What you should do | Quote all lines below exactly. Images stay out.

Source information |
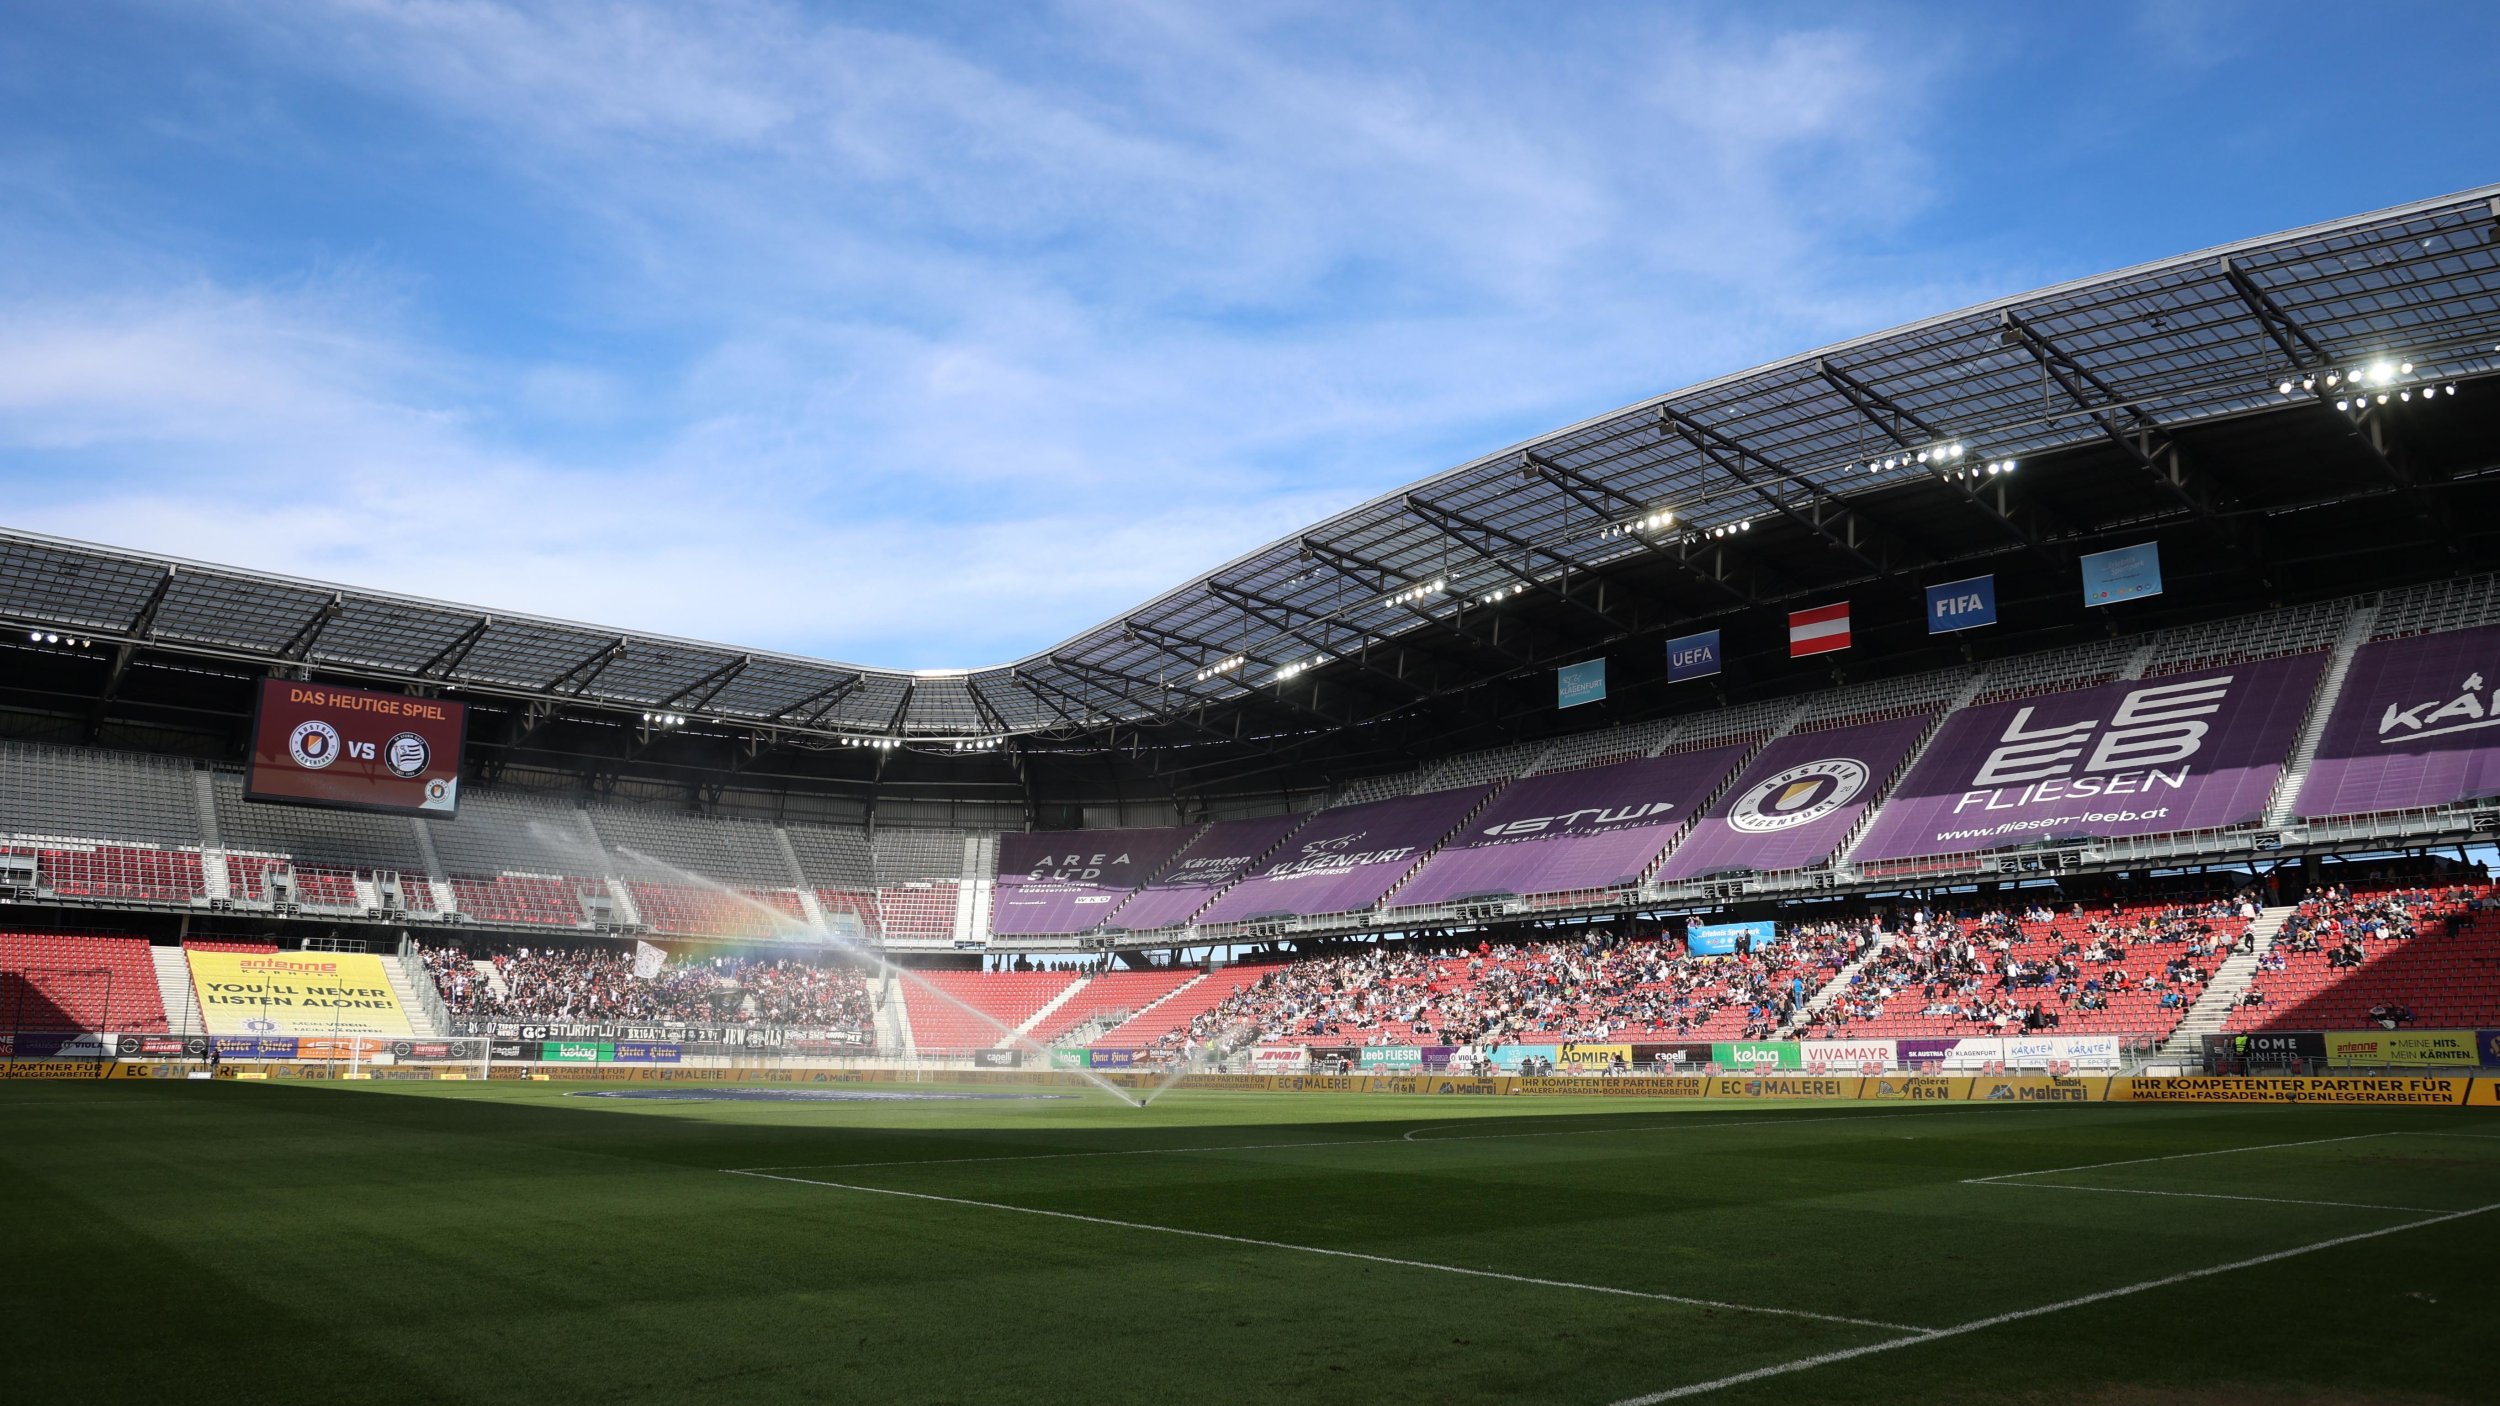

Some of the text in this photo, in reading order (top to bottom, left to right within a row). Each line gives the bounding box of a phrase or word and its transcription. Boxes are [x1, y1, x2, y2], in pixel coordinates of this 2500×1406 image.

[1936, 593, 1984, 618] FIFA
[1672, 647, 1713, 667] UEFA
[290, 689, 446, 720] DAS HEUTIGE SPIEL
[348, 741, 376, 760] VS
[1764, 764, 1857, 791] AUSTRIA
[1952, 765, 2192, 814] FLIESEN
[1740, 799, 1836, 828] KLAGENFURT
[1565, 819, 1659, 835] Klagenfurt
[1936, 807, 2170, 841] www.fliesen-leeb.at
[1034, 853, 1131, 867] AREA
[1178, 855, 1251, 870] Kärnten
[1265, 846, 1416, 877] KLAGENFURT
[240, 958, 337, 972] antenne
[307, 986, 386, 998] NEVER
[208, 995, 394, 1009] LISTEN ALONE!
[550, 1024, 625, 1037] STURMFLUT
[2337, 1041, 2378, 1052] antenne
[2398, 1039, 2460, 1048] MEINE HITS.
[560, 1043, 597, 1060] kelag
[986, 1051, 1012, 1063] capelli
[1361, 1050, 1421, 1061] Leeb FLIESEN
[1655, 1050, 1687, 1062] capelli
[1733, 1045, 1779, 1067] kelag
[1808, 1047, 1890, 1060] VIVAMAYR
[2391, 1048, 2474, 1059] MEIN KÄRNTEN.
[11, 1063, 73, 1071] PARTNER
[76, 1062, 103, 1071] FÜR
[126, 1065, 148, 1077] EC
[561, 1068, 605, 1076] PARTNER
[675, 1069, 726, 1080] MALEREI
[1217, 1075, 1249, 1083] PARTNER
[1278, 1078, 1291, 1089] EC
[1305, 1077, 1352, 1089] MALEREI
[1522, 1076, 1700, 1088] IHR KOMPETENTER PARTNER FÜR
[1721, 1080, 1841, 1095] EC MALEREI
[2055, 1078, 2082, 1087] GmbH
[2132, 1076, 2453, 1092] IHR KOMPETENTER PARTNER FÜR
[2020, 1085, 2088, 1101] Malerei

Response for this exercise |
Some of the text in this photo, in reading order (top to bottom, left to right within a row). Each line gives the bounding box of a phrase or word and its transcription. Boxes are [x1, y1, x2, y2], in pixel coordinates of this 2500×1406 image.

[1936, 593, 1984, 618] FIFA
[1672, 647, 1713, 667] UEFA
[290, 689, 446, 720] DAS HEUTIGE SPIEL
[348, 741, 376, 760] VS
[1764, 764, 1857, 791] AUSTRIA
[1952, 765, 2192, 814] FLIESEN
[1740, 799, 1836, 828] KLAGENFURT
[1565, 819, 1659, 835] Klagenfurt
[1936, 807, 2170, 841] www.fliesen-leeb.at
[1034, 853, 1131, 867] AREA
[1178, 855, 1251, 870] Kärnten
[1265, 846, 1416, 877] KLAGENFURT
[240, 958, 337, 972] antenne
[307, 986, 386, 998] NEVER
[208, 995, 394, 1009] LISTEN ALONE!
[550, 1024, 625, 1037] STURMFLUT
[2337, 1041, 2378, 1052] antenne
[2398, 1039, 2460, 1048] MEINE HITS.
[560, 1043, 597, 1060] kelag
[986, 1051, 1012, 1063] capelli
[1361, 1050, 1421, 1061] Leeb FLIESEN
[1655, 1050, 1687, 1062] capelli
[1733, 1045, 1779, 1067] kelag
[1808, 1047, 1890, 1060] VIVAMAYR
[2391, 1048, 2474, 1059] MEIN KÄRNTEN.
[11, 1063, 73, 1071] PARTNER
[76, 1062, 103, 1071] FÜR
[126, 1065, 148, 1077] EC
[561, 1068, 605, 1076] PARTNER
[675, 1069, 726, 1080] MALEREI
[1217, 1075, 1249, 1083] PARTNER
[1278, 1078, 1291, 1089] EC
[1305, 1077, 1352, 1089] MALEREI
[1522, 1076, 1700, 1088] IHR KOMPETENTER PARTNER FÜR
[1721, 1080, 1841, 1095] EC MALEREI
[2055, 1078, 2082, 1087] GmbH
[2132, 1076, 2453, 1092] IHR KOMPETENTER PARTNER FÜR
[2020, 1085, 2088, 1101] Malerei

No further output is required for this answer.